Electrical machines, invented in the eighteenth century, are instruments for generating static electricity. Electrostatic generators were among the most important instruments in scientific laboratories of the eighteenth and nineteenth centuries. They are classified into frictional electrical machines and induction electrical machines depending on the electrification process employed.
Frictional machines rely on the fact that some insulating substances such as glass, sulfur, and resin become electrically charged when rubbed vigorously. In 1660, Otto von Guericke (1602-1686) used a sulfur ball that attracted light bodies after being electrified. This provided him with an illustration of his theories on forces acting in the universe. The first true electrical machine was built c. 1700 by Francis Hauksbee (1660-1713): a glass globe (that could be evacuated) rotated rapidly by a pulley and rubbed with the hand became electrified, allowing various observations on electrostatic attraction and repulsion and on electrical discharges in a vacuum. In the following decades, and especially after the invention of the Leyden jar in 1745, countless models of electrostatic machines were developed, in which glass globes, cylinders, and disks were rotated rapidly by pulley-and-handle systems. To rub them and thus electrify them, padded leather cushions were introduced as efficient substitutes for the experimenter's hand. The charges generated were stored on large insulated metal conductors.

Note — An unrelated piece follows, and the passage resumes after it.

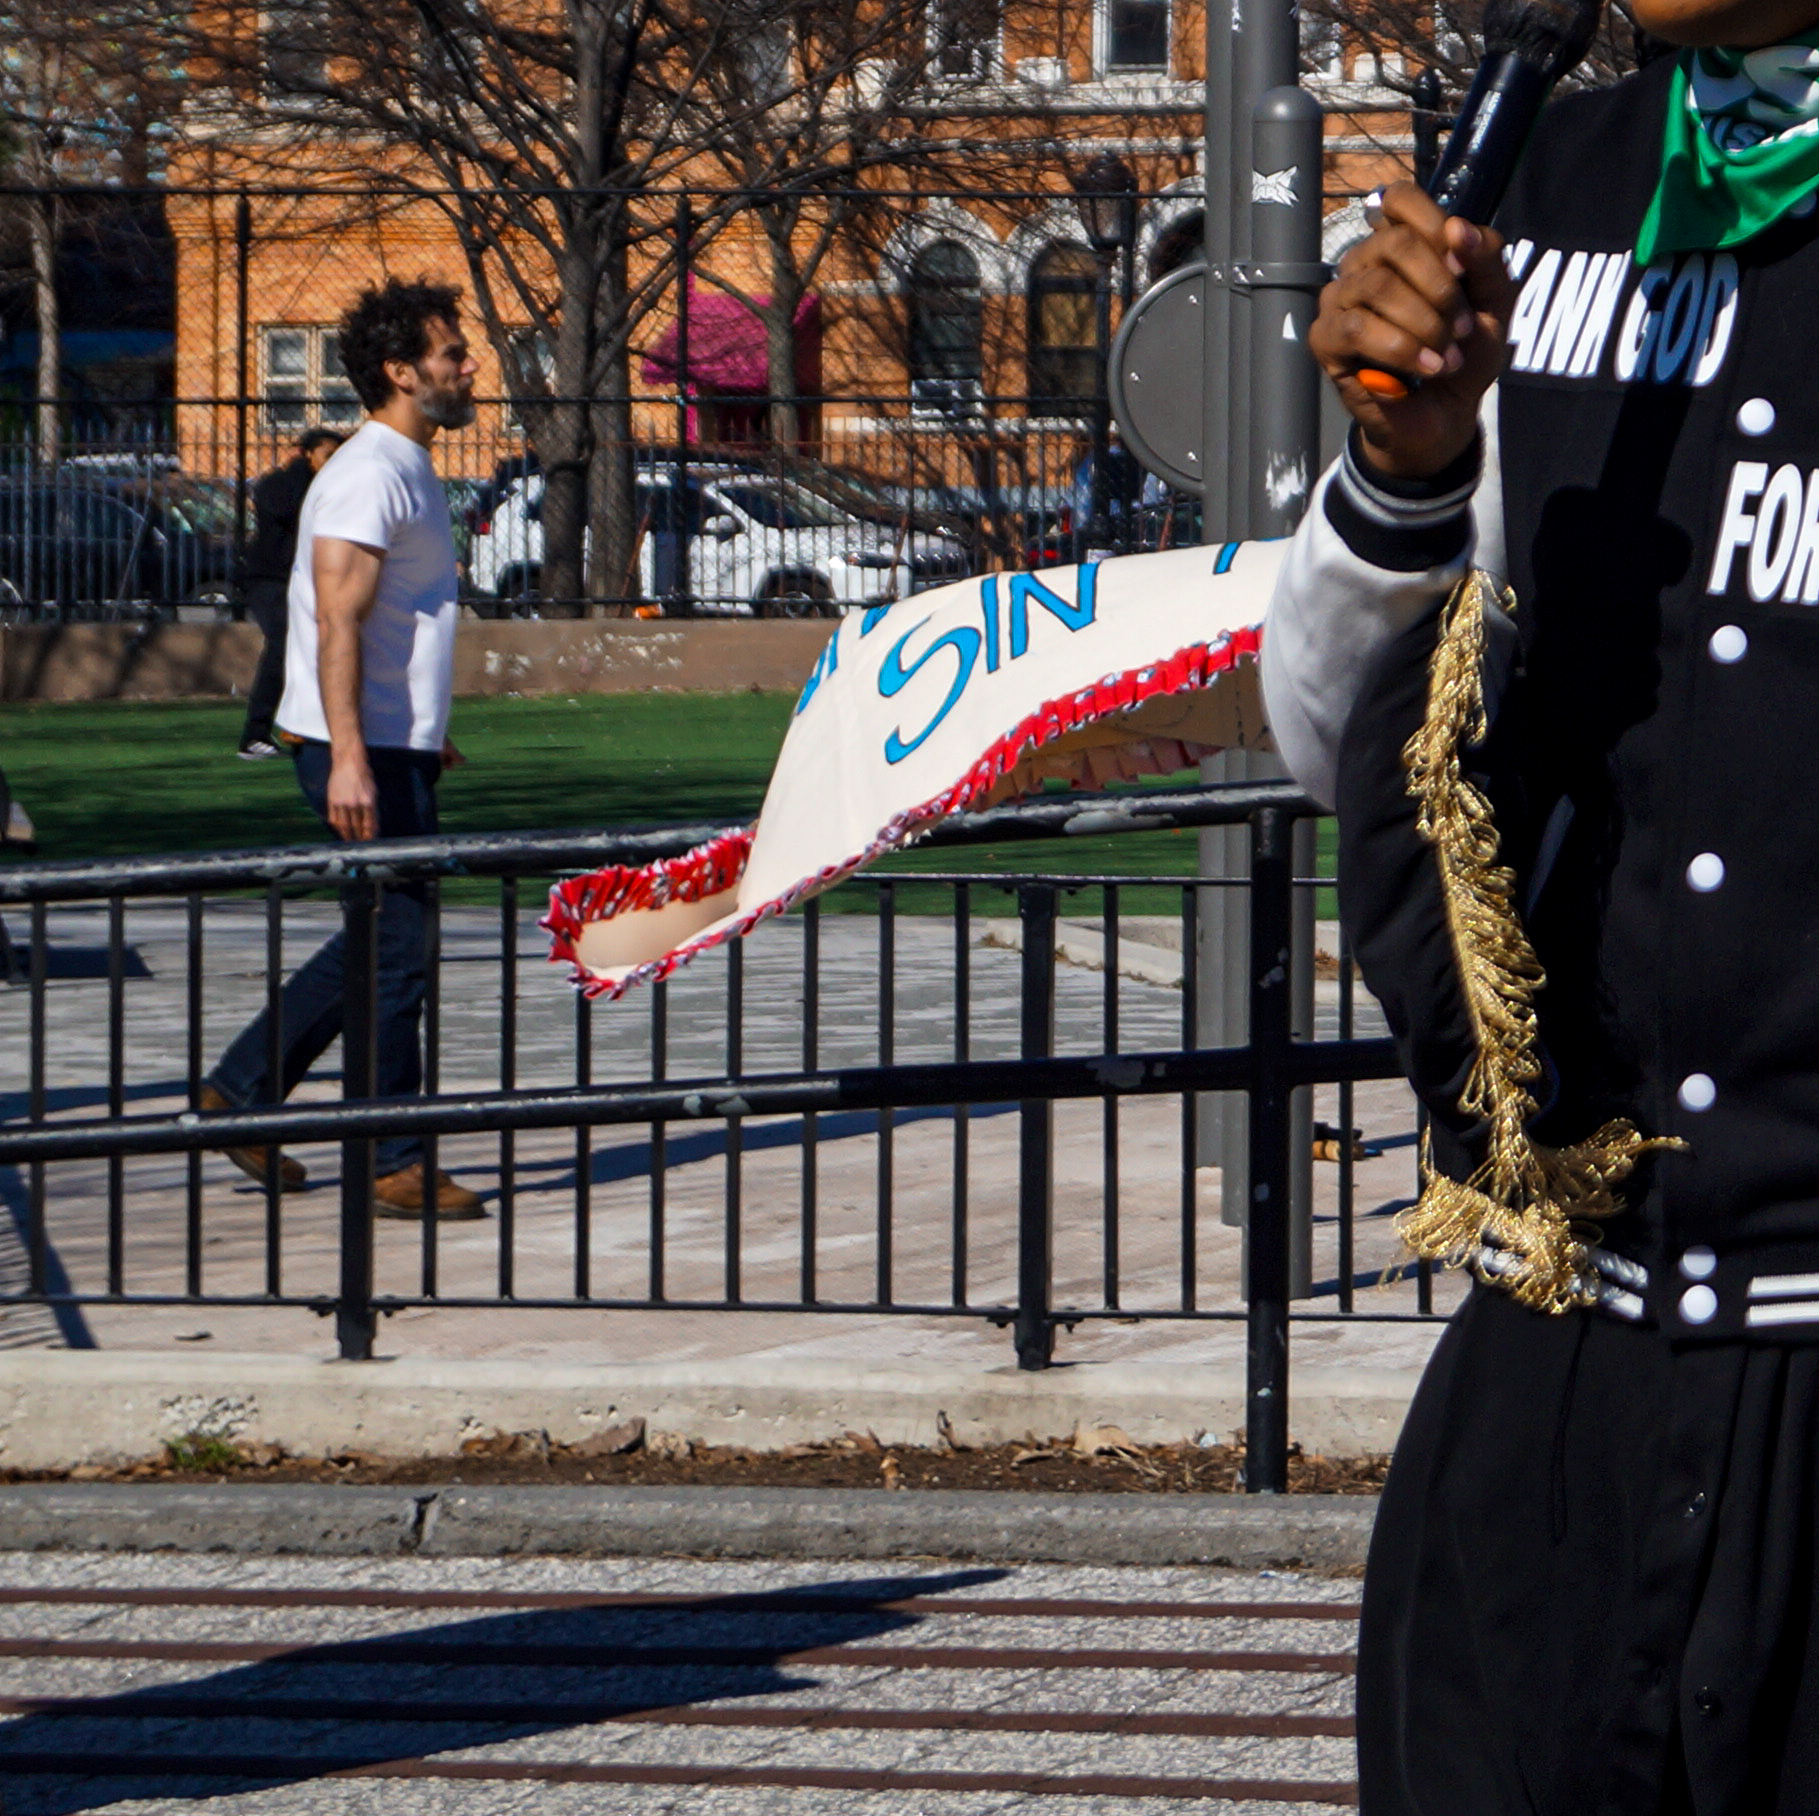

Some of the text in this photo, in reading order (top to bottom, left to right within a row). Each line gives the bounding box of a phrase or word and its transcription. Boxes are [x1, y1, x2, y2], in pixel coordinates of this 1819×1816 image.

[1502, 239, 1739, 387] ANK GOD
[877, 562, 1100, 766] SIN

Toward 1750, the vogue for electrical experiments made the electrical machine an essential instrument in all scientific laboratories and collections, often used for therapeutic purposes. Specimens of different sizes were built. The largest, commissioned by the Dutch scientist Martinus van Marum (1750-1837), had two coaxial disks 165 cm in diameter operated by two men turning handles. The machine was capable of producing charges of hundreds of thousands of volts, generating sparks over 60 cm long. The smaller, portable machines were generally used for the controversial therapeutic applications of electricity.

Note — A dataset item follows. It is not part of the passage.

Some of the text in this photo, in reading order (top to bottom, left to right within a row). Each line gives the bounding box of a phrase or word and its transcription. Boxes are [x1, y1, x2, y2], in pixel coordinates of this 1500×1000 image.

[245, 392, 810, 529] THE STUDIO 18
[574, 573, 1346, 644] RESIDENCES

In 1775, the Italian physicist Alessandro Volta (1745-1827) invented the electrophorus, a simple but ingenious instrument that provided an almost unlimited series of electrical discharges. From it derived the first induction electrical machines, which generated electricity not by rubbing but by a complex set of electrostatic inductions. This category includes "doublers" or "multipliers" developed in the late eighteenth century and used to "multiply" charges too weak to be measured. In c. 1830, the physicist Giuseppe Belli (1791-1860) designed the first rotating-disk induction machine, but it was only in the second half of the nineteenth century that this type of generator almost entirely replaced the old frictional machines—thanks to physicists such as Wilhelm Holtz (1836-1913), August Toepler (1836-1912), and James Wimshurst (1832-1903). From the early twentieth century on, induction electrical machines were used extensively to generate electrical discharges, to charge condensers, to power X-ray tubes, and for electrotherapy. The introduction of more efficient systems, such as transformers, to produce high-voltage currents led to the abandonment of induction machines, which are now of purely historical and educational interest. But there is an exception: in the late 1920s, the physicist Robert Van de Graaff (1901-1967) invented a ribbon electrostatic generator for producing the very high voltages needed in the emerging science of atomic and nuclear physics. Today, this type of machine, with substantial improvements, is widely used in research laboratories and for industrial applications.